Hubert Hüppe mit CDU-Chef und -Kanzlerkandidat Armin Laschet bei der Aufstellung der Landesliste zur Bundestagswahl in Düsseldorf. © CDU
Bundestagswahl 2021

CDU-Kandidat Hubert Hüppe: Ist Listenplatz 21 wirklich „hervorragend“?

Als „hervorragendes Ergebnis“ feiert die CDU den Listenplatz 21 von Hubert Hüppe auf der Landesliste zur Bundestagswahl. Aber ist es das wirklich? Das sagt Hüppe selbst dazu.

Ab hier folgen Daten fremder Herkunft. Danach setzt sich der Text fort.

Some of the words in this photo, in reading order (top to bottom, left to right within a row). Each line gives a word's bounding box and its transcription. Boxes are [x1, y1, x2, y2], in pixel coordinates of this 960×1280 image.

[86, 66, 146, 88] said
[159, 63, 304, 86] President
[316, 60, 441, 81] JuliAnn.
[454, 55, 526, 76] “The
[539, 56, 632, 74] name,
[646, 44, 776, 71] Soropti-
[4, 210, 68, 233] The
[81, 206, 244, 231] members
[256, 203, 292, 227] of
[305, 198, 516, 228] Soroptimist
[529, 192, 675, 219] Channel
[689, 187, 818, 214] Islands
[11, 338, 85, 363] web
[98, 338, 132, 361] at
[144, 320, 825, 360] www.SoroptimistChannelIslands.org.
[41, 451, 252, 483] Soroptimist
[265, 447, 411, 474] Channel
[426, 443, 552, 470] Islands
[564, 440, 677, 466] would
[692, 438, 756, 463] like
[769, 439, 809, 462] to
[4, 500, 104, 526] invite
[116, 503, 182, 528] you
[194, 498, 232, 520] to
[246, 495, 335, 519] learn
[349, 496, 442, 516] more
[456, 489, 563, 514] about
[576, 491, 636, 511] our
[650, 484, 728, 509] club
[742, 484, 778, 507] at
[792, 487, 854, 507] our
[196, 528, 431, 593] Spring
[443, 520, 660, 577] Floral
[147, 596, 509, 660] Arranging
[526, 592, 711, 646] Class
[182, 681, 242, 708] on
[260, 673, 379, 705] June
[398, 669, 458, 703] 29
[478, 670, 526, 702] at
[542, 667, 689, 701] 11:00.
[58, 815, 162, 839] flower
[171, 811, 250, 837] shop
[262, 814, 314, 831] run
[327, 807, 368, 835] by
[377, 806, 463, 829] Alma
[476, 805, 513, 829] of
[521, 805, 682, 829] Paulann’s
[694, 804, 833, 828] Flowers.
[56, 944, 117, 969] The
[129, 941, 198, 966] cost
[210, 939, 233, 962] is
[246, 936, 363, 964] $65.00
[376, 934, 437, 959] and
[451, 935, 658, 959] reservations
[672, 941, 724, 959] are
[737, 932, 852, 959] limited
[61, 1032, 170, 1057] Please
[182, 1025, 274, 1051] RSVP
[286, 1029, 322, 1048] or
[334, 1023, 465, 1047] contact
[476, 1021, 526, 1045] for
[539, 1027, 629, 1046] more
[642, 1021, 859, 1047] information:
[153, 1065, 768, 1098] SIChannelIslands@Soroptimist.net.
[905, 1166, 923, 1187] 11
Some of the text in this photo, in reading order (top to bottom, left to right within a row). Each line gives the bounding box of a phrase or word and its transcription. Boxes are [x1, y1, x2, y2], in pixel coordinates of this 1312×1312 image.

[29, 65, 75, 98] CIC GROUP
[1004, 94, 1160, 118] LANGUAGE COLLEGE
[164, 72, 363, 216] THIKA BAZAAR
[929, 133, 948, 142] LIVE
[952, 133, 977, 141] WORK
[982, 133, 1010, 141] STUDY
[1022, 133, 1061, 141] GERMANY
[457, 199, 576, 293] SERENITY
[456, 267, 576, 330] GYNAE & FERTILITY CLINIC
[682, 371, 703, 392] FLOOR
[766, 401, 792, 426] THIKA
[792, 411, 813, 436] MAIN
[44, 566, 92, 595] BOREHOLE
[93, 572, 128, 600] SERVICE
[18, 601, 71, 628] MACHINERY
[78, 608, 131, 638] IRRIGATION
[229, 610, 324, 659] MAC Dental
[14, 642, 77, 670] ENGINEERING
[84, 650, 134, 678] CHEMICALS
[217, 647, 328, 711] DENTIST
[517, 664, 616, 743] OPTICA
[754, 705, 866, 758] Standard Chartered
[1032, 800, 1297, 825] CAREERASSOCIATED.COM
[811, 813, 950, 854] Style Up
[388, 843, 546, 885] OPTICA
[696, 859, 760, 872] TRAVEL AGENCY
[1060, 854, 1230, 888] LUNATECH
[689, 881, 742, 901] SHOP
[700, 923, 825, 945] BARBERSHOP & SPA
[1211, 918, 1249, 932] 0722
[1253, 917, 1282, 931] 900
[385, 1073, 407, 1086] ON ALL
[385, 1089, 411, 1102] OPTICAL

Am 26. September ist Bundestagswahl. Dann will Hubert Hüppe (64) aus Werne wieder dahin, wo er bis 2017 schon über viele Jahre war: ins Parlament nach Berlin. Der 64-Jährige ist erneut Direktkandidat der CDU im Wahlkreis Unna I, der von Bergkamen bis Schwerte reicht. Für den Einzug in den Bundestag muss Hüppe entweder die meisten Stimmen im Wahlkreis auf sich vereinen (was ihm ob der bisherigen traditionellen SPD-Übermacht noch nie gelang) oder darauf hoffen, dass die Reserveliste seiner Partei bis zu seinem Platz zieht.

Seit der Vertreterversammlung der Landes-CDU in Düsseldorf ist klar: Hüppe steht auf Platz 21. Und damit vier Plätze vor Arnd Hilwig, dem Bewerber für Lünen, Selm, Werne und Hamm im Wahlkreis Hamm/Unna II. Der CDU-Kreisverband Unna versandte dazu eine Pressemitteilung mit dem Satz: „Die beiden CDU-Direktkandidaten für den Kreis Unna erzielten hervorragende Ergebnisse.“

Wer in Betracht zieht, dass Hubert Hüppe bei der Bundestagswahl 2017 auf Platz 18 der Landesliste stand und damit den Einzug ins Parlament verpasste, kann sich freilich die Frage stellen, ob der jetzige Platz 21 tatsächlich eine hervorragende Ausgangsposition darstellt.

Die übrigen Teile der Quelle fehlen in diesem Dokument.